Stock Repurchase Program

On February 21, 2019, our Board of Directors cancelled the share repurchase program approved in 2018, which had approximately $53.9 million remaining in authorized repurchases, and approved the Repurchase Program, which authorizes the repurchase of up to $100 million of Company common stock through March 31, 2020. Purchases of common stock pursuant to the Repurchase Program may be made in open market transactions effected through a broker-dealer at prevailing market prices, in block trades, or by other means in accordance with federal securities laws, including pursuant to any trading plan that may be adopted in accordance with Rule 10b5-1 under the Securities Exchange Act of 1934, as amended. We are not obligated under the Repurchase Program to repurchase any specific number or dollar amount of shares of common stock, and we may modify, suspend or discontinue the Repurchase Program at any time.
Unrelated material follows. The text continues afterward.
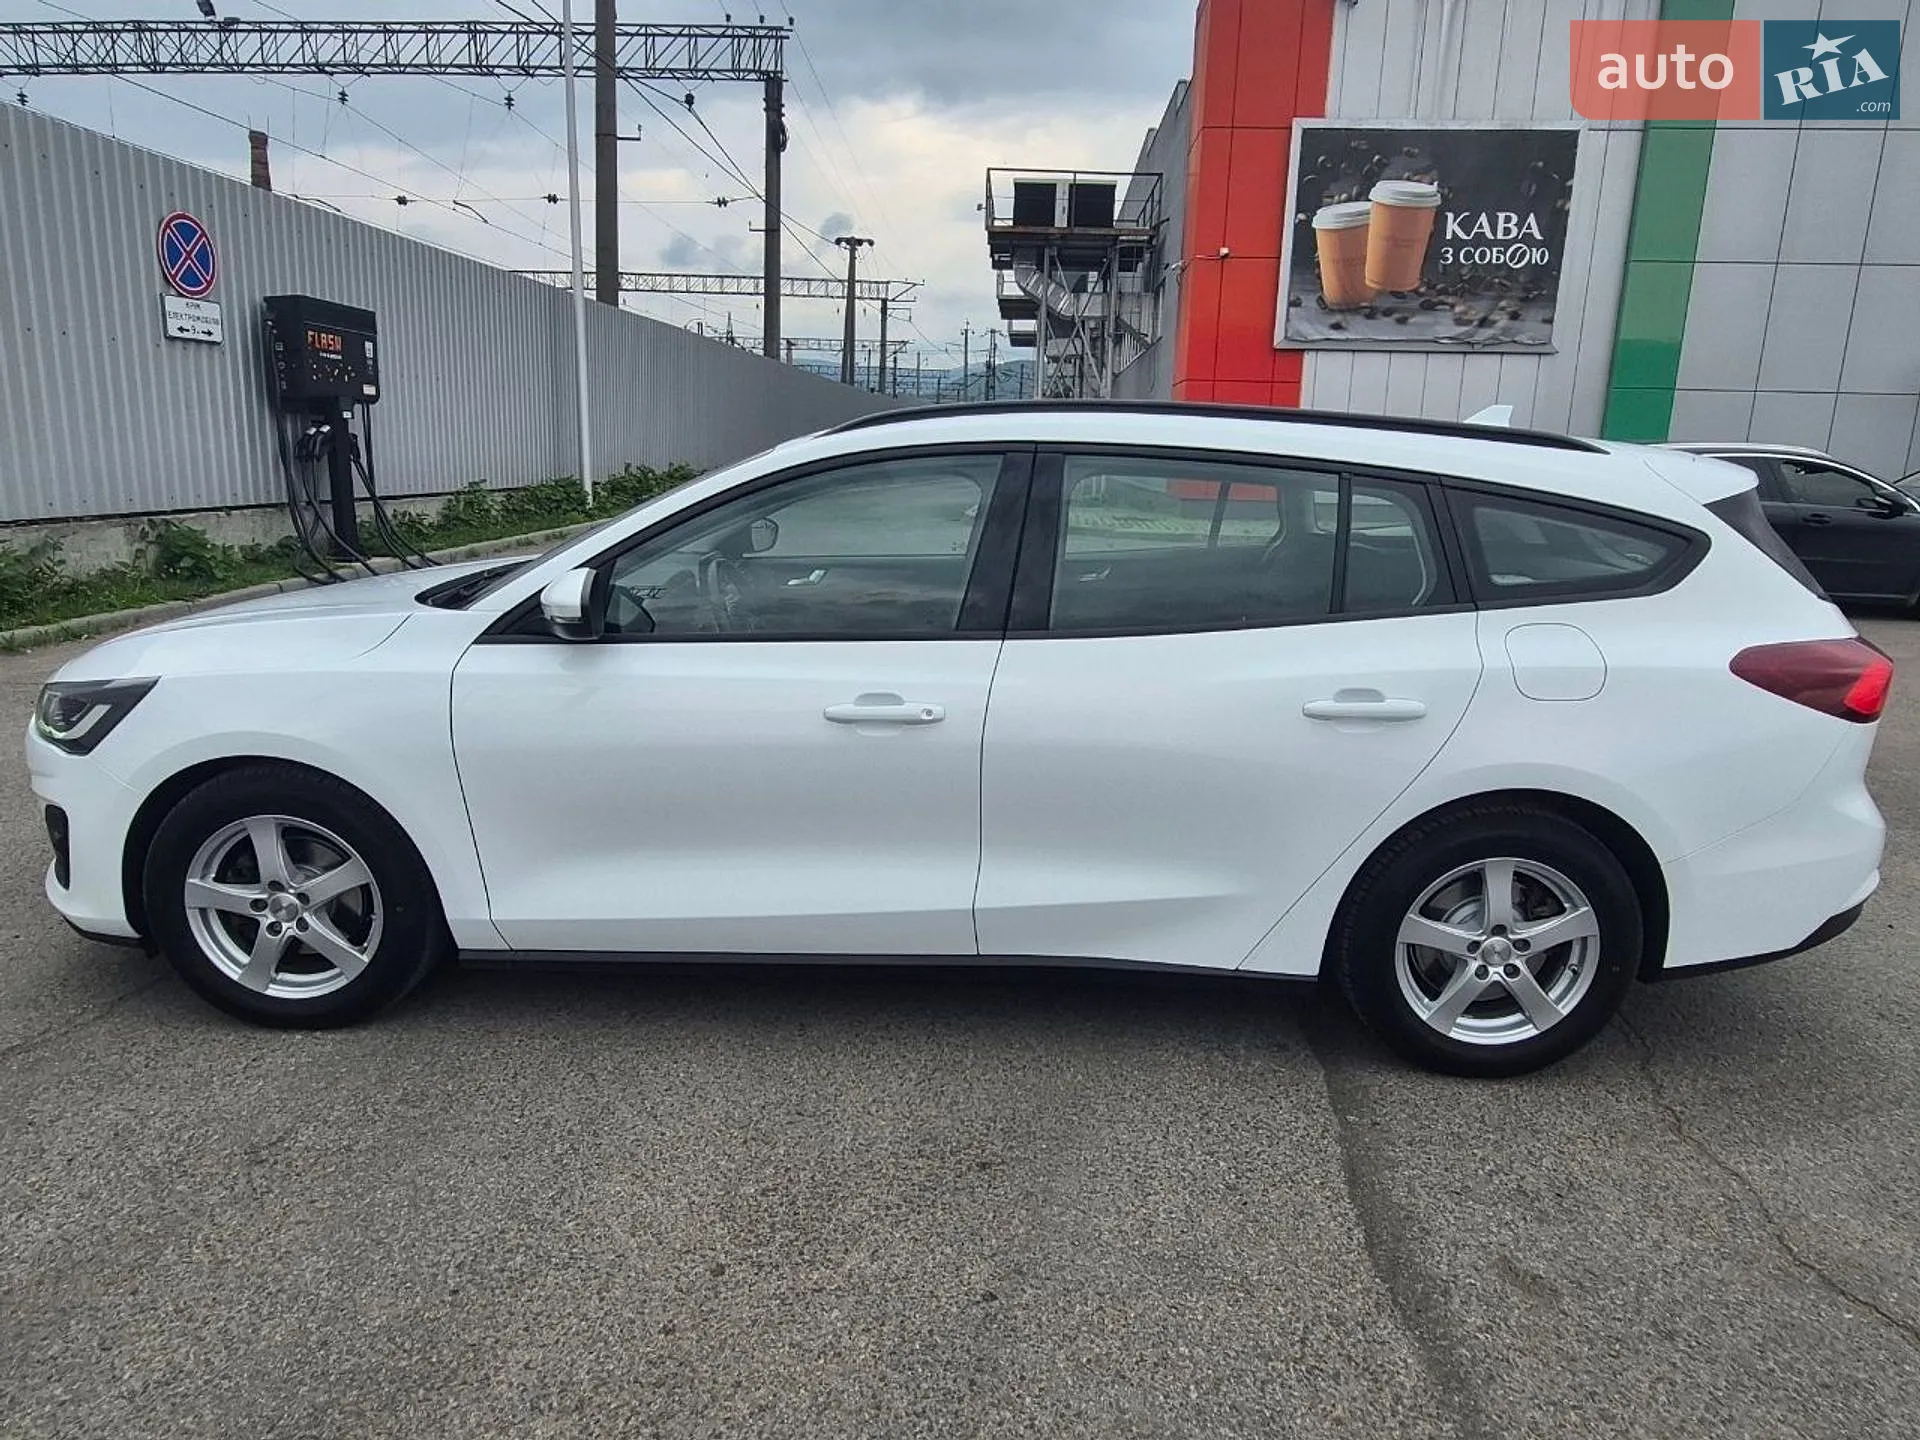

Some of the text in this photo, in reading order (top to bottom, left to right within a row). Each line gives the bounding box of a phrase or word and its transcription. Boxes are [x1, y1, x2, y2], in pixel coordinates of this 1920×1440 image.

[1445, 211, 1544, 240] КАВА
[1440, 243, 1550, 269] З СОБОЮ
Our management will determine the timing and amount of any repurchases in its discretion based on a variety of factors, such as the market price of our common stock, corporate requirements, general market economic conditions and legal requirements.

Earnings Conference Call

The Company will host a conference call via live webcast for investors and other interested parties beginning at 7:00 a.m. Pacific Time (10:00 a.m. Eastern Time) on Tuesday, February 26, 2019. The call will be hosted by Doug Bauer, Chief Executive Officer, Tom Mitchell, President and Chief Operating Officer and Mike Grubbs, Chief Financial Officer.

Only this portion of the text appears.